C'est par un samedi, premier jour de septembre, que je décide de partir taire, pour la dernière fois, le col de la Croix de Fer. Il est plus de 9 heures quand je quitte le camping de Bourg d'Oisans car j'attendais depuis 2 heures que les timides rayons du soleil me réchauffent, le fond de l'air est frais...

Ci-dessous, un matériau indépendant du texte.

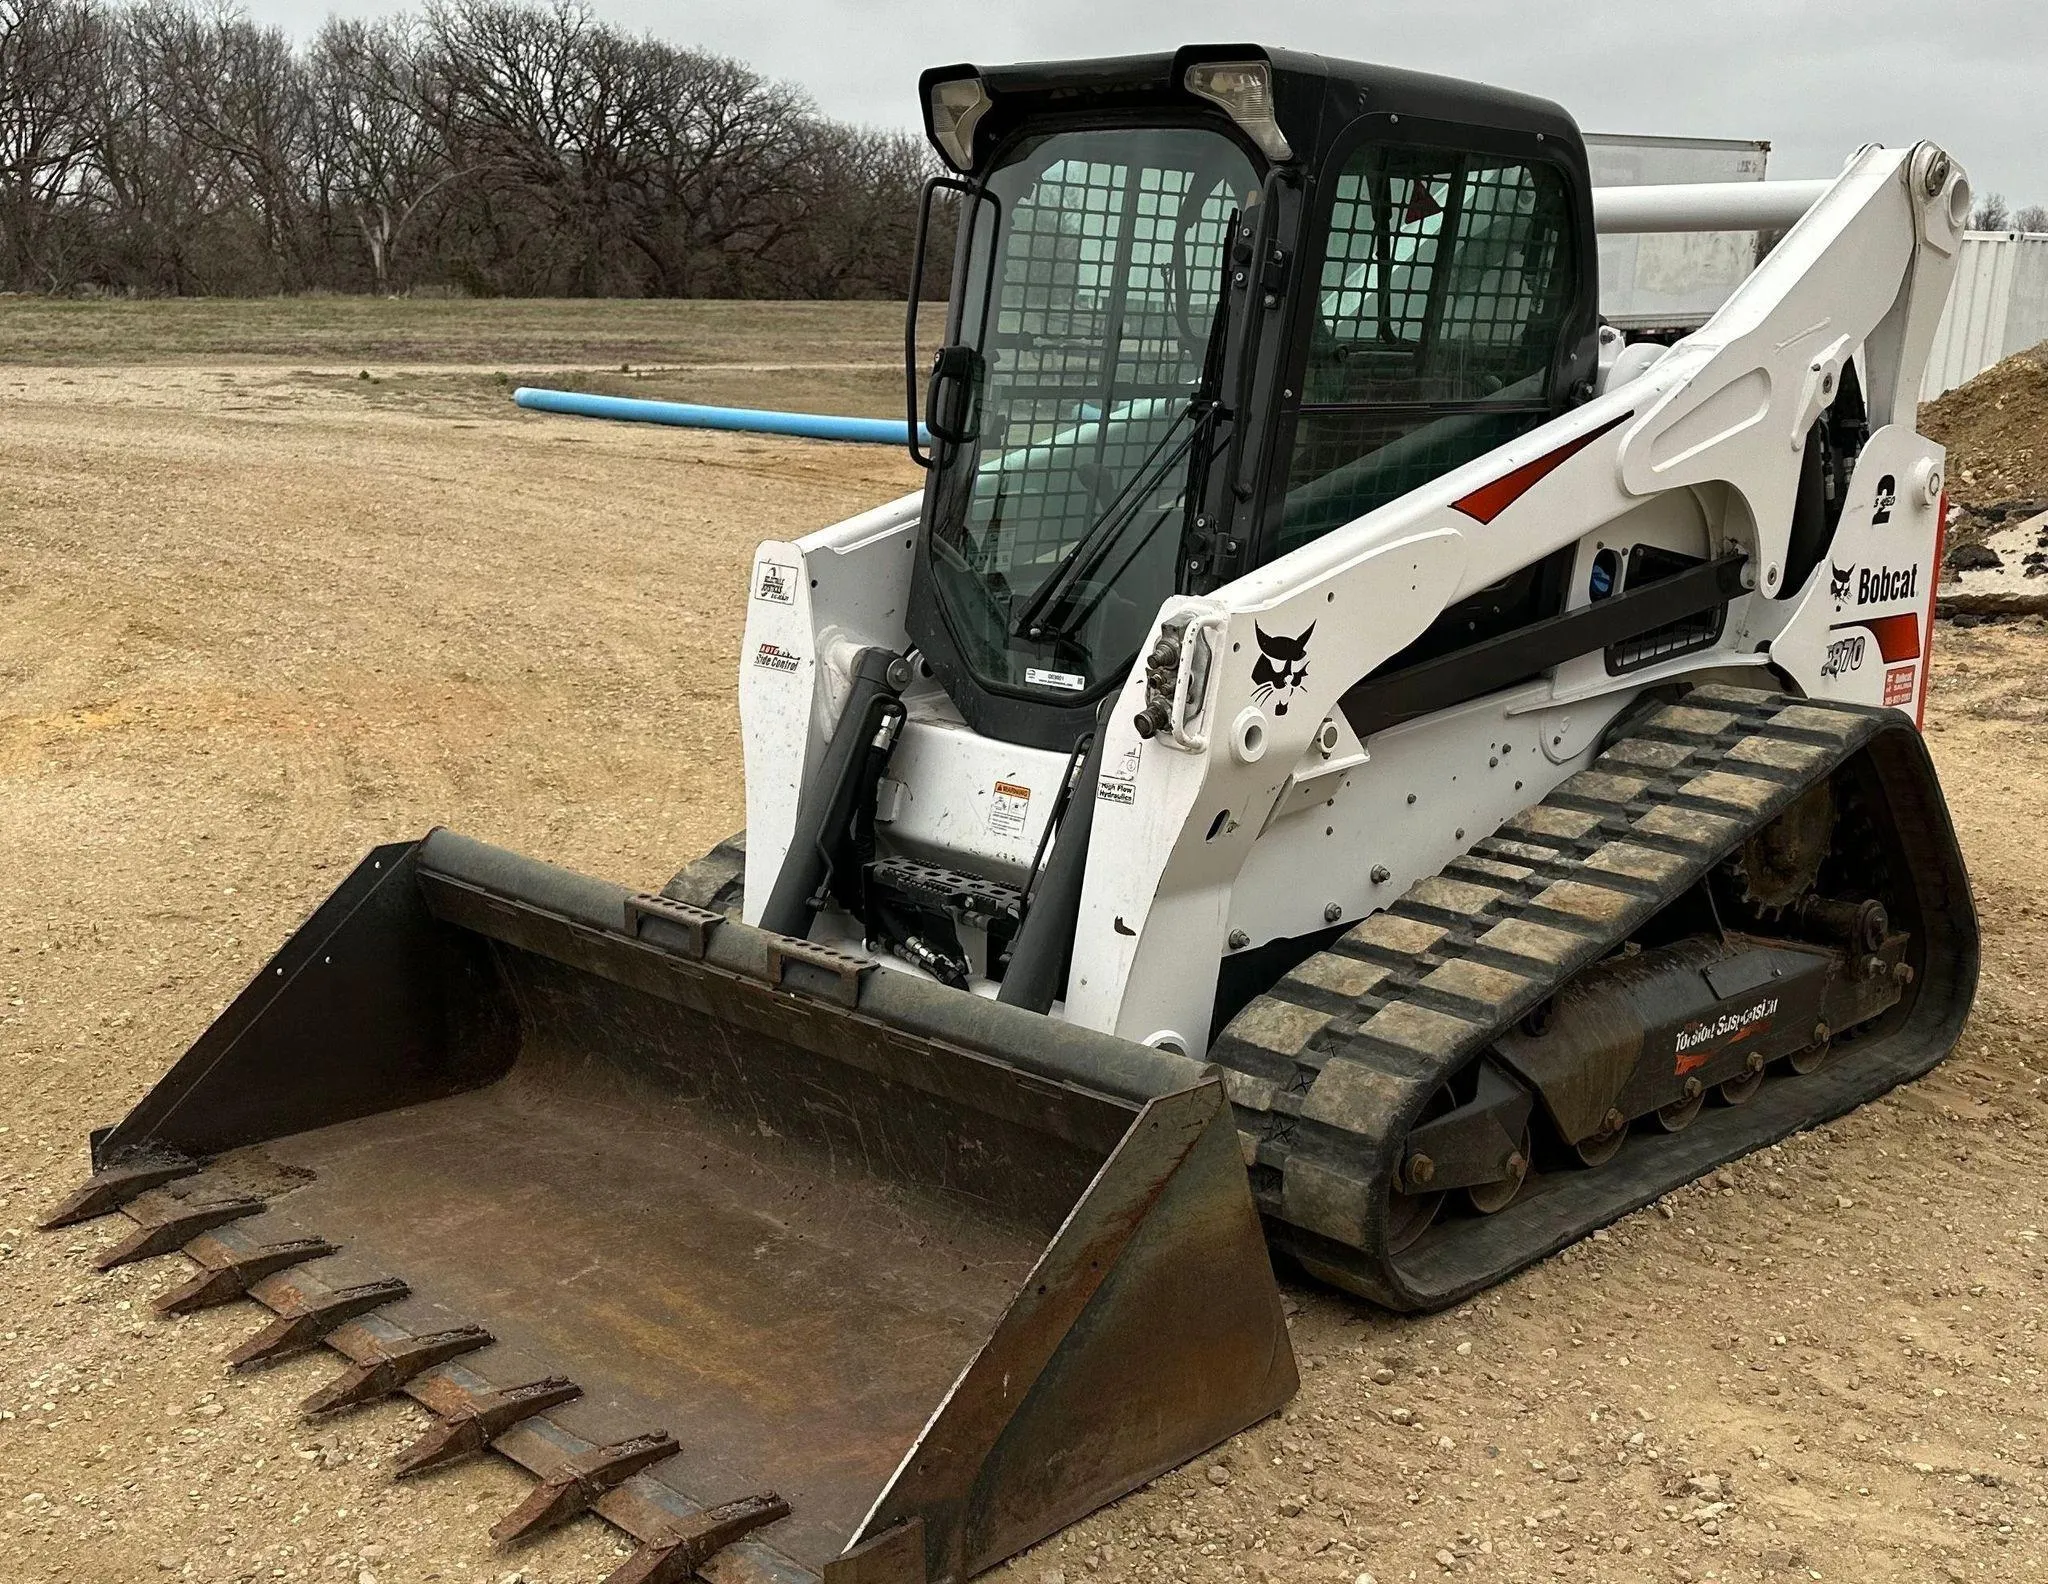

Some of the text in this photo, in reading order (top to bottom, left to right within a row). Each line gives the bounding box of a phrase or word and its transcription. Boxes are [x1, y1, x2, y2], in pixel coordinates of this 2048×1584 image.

[1872, 474, 1895, 525] 2
[1857, 563, 1918, 605] Bobcat
[770, 656, 799, 672] Control
[1099, 789, 1133, 801] Hydraulics
[1117, 784, 1133, 793] Flow
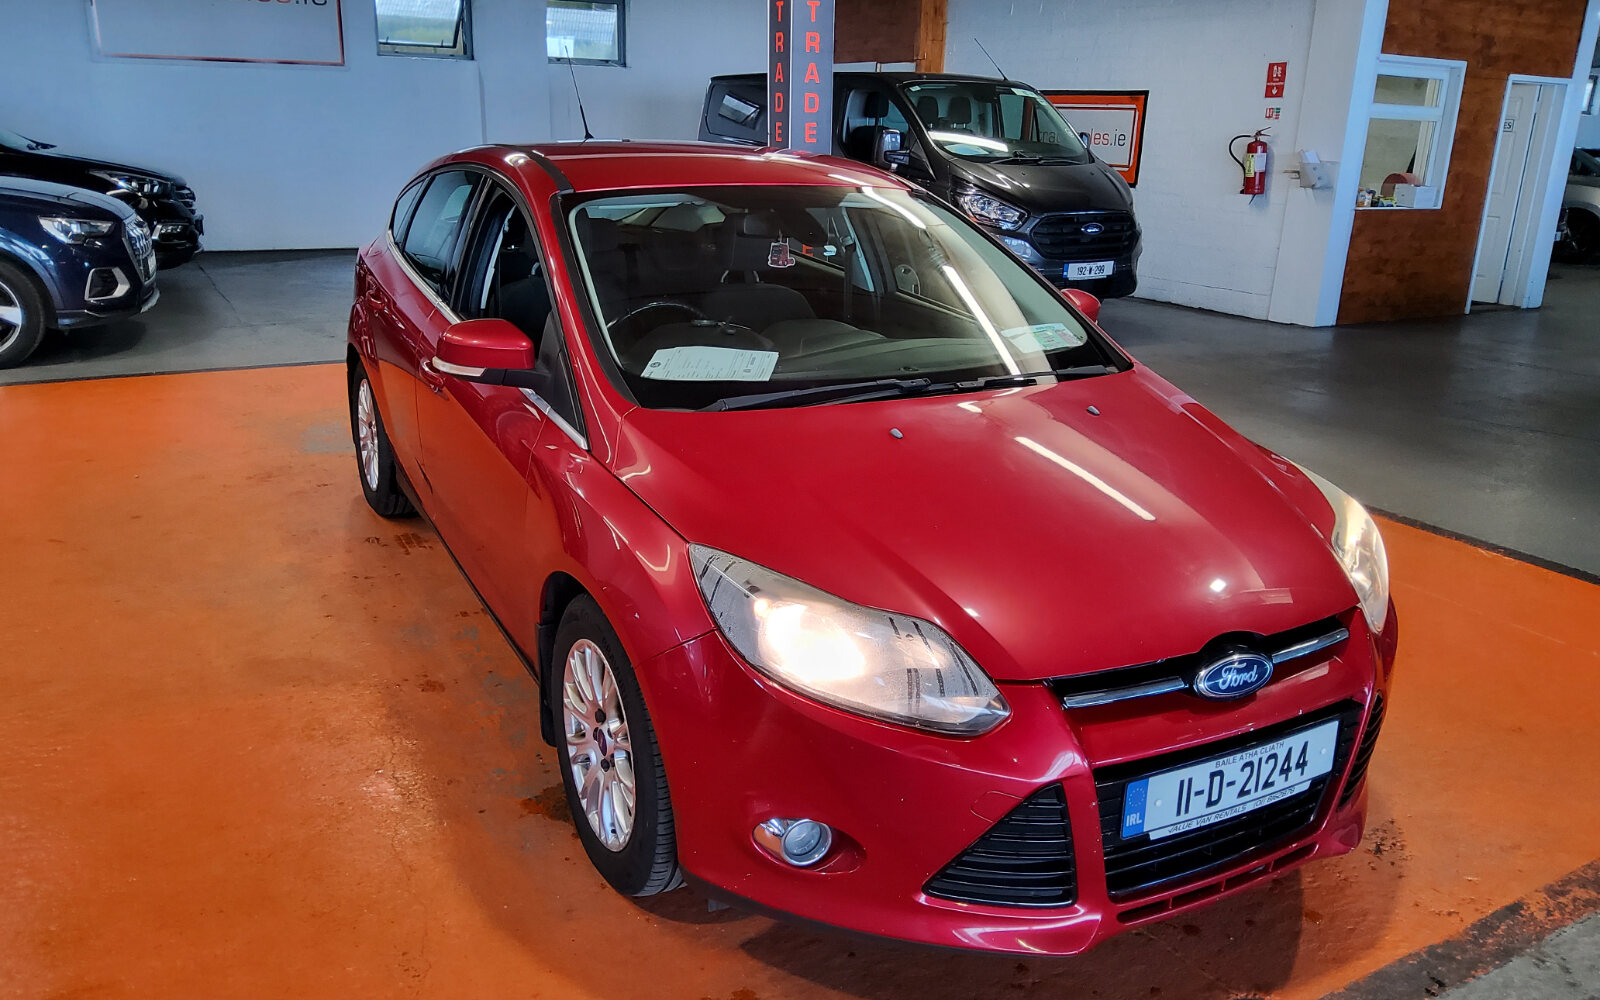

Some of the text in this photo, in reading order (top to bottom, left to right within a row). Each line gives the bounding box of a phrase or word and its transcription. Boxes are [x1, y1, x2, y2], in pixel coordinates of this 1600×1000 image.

Après Allemond, je longe allègrement la première retenue d'eau de Grand-Maison, je constate que le niveau de l'eau a monté depuis le mois de juillet (à l'occasion de la Marmotte). Je passe un grand bâtiment blanc d'EDF et je m'arrête au feu, il est rouge et je rappelle que je suis un cyclotouriste. Sur ma droite il y a une route, toute caillouteuse, qui part du Vaujany et sans hésitation je l'emprunte en changeant mon programme (aujourd'hui : tourisme). La route, après un début difficile, verre et cailloux, présente maintenant un aspect plus accueillant. Le goudron est roulant et la pente non négligeable, j'ai appris plus tard que la dénivelée entre le premier barrage et Vaujany respecte le 10% sur environ 6 kilomètres. L'ascension est fort agréable, je pédale tout en admirant le paysage, avec ces torrents, ces cascades et ces hameaux typiques, flambants neufs. Après Vaujany j'aperçois, sur ma droite, un remonte pente et la route continue toujours à monter, l'effort commence à se faire ressentir et je m'obstine à rouler jusqu'au bout du bitume. Maintenant l'asphalte a disparu et j'arrive à un dépôt d'EDF, de camions et de pierres. Un chemin semble flâner à travers la montagne, tout en gardant une direction ascensionnelle. Y aurait-il un col dans les parages ? Un nom nouveau à rajouter au palmarès ? Mes yeux pétillent de joie, mes oreilles sont dressées et aux aguets, mon vélo piaffe d'impatience à l'idée d'une découverte non programmée. Bref le pied...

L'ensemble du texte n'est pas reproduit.